* **DATASET EXTRACT**:
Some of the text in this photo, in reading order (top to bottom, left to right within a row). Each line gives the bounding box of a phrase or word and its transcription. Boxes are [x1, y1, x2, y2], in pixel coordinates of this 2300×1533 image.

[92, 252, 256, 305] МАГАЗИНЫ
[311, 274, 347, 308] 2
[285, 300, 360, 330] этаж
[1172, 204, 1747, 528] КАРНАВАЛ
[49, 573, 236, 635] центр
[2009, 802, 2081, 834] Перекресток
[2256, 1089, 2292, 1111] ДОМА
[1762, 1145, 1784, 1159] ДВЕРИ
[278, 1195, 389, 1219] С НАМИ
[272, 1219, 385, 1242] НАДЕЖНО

* **EXERCISE AIM**: Whatever the entries say, repeat all of them exactly.

* **WRITTEN ANSWER**:
Some of the text in this photo, in reading order (top to bottom, left to right within a row). Each line gives the bounding box of a phrase or word and its transcription. Boxes are [x1, y1, x2, y2], in pixel coordinates of this 2300×1533 image.

[92, 252, 256, 305] МАГАЗИНЫ
[311, 274, 347, 308] 2
[285, 300, 360, 330] этаж
[1172, 204, 1747, 528] КАРНАВАЛ
[49, 573, 236, 635] центр
[2009, 802, 2081, 834] Перекресток
[2256, 1089, 2292, 1111] ДОМА
[1762, 1145, 1784, 1159] ДВЕРИ
[278, 1195, 389, 1219] С НАМИ
[272, 1219, 385, 1242] НАДЕЖНО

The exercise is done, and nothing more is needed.